Abstract

Objectives Outbreaks of injection drug use (IDU)-associated infections have become major public health concerns in the era of the opioid epidemic. This study aimed to (1) identify county-level characteristics associated with acute HCV infection and newly diagnosed IDU-associated HIV in Oklahoma and (2) develop a vulnerability index using these metrics. Methods This study employs a county-level ecological design to examine those diagnosed with acute or chronic HCV or newly diagnosed IDU-associated HIV. Poisson regression was used to estimate the association between indicators and the number of new infections in each county. Primary outcomes were acute HCV and newly diagnosed IDU-associated HIV. A sensitivity analysis included all HCV (acute and chronic) cases. Three models were run using variations of these outcomes. Stepwise backward Poisson regression predicted new infection rates and 95% confidence intervals for each county from the final multivariable model, which served as the metric for vulnerability scores.
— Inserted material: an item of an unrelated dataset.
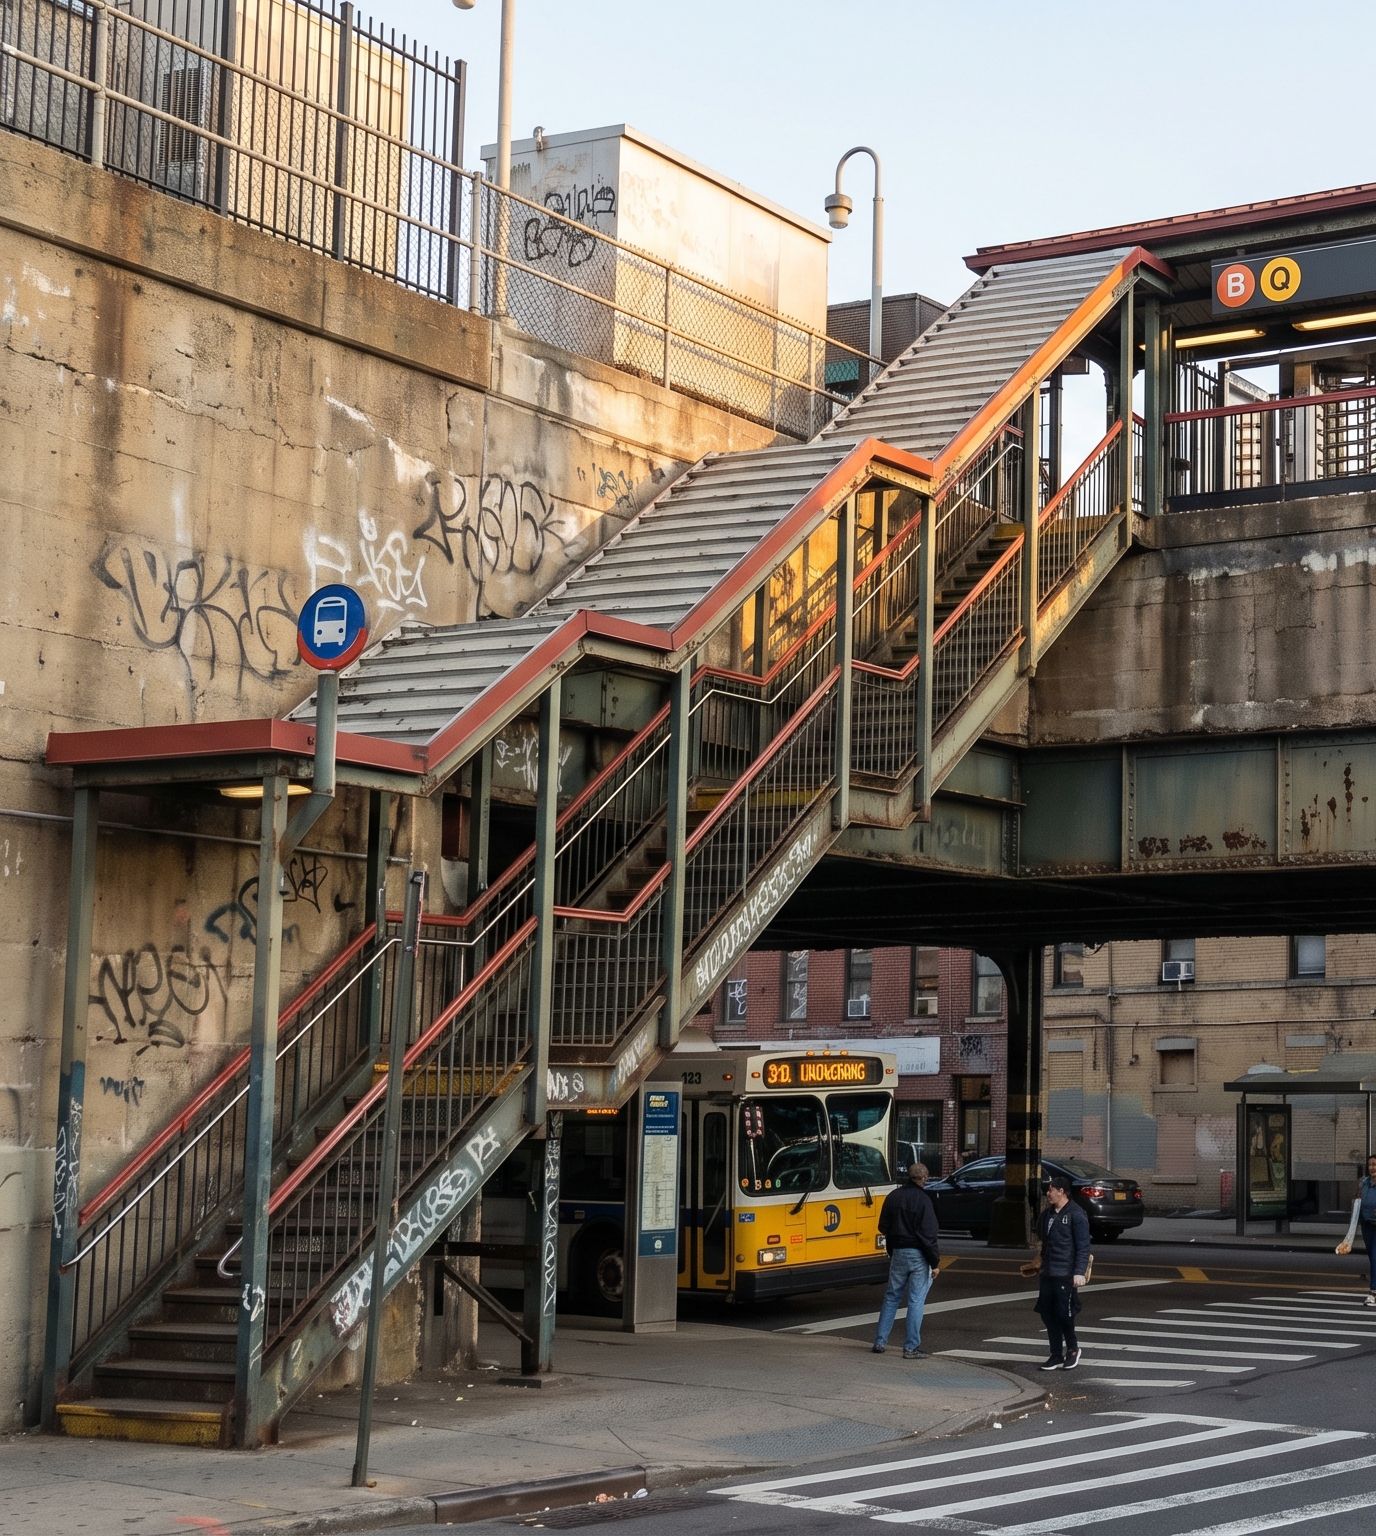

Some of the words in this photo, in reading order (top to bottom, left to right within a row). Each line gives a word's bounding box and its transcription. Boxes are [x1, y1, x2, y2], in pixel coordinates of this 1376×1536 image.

[1227, 272, 1245, 298] B
[1270, 266, 1290, 291] Q
[681, 1072, 701, 1085] 123
Results Predictors for HIV-IDU cases and acute HCV cases differed. The percentage of the county population aged 18–24 years with less than a high school education and population density were predictive of new HIV-IDU cases, whereas the percentage of the population that was male, white, Pacific Islander, two or more races, and people aged 18–24 years with less than a high school education were predictors of acute HCV infection. Counties with the highest predicted rates of HIV-IDU tended to be located in central Oklahoma and have higher population density than the counties with the highest predicted rates of acute HCV infection. Conclusions There is high variability in county-level factors predictive of new IDU-associated HIV infection and acute HCV infection, suggesting that different public health interventions need to be tailored to these two case populations.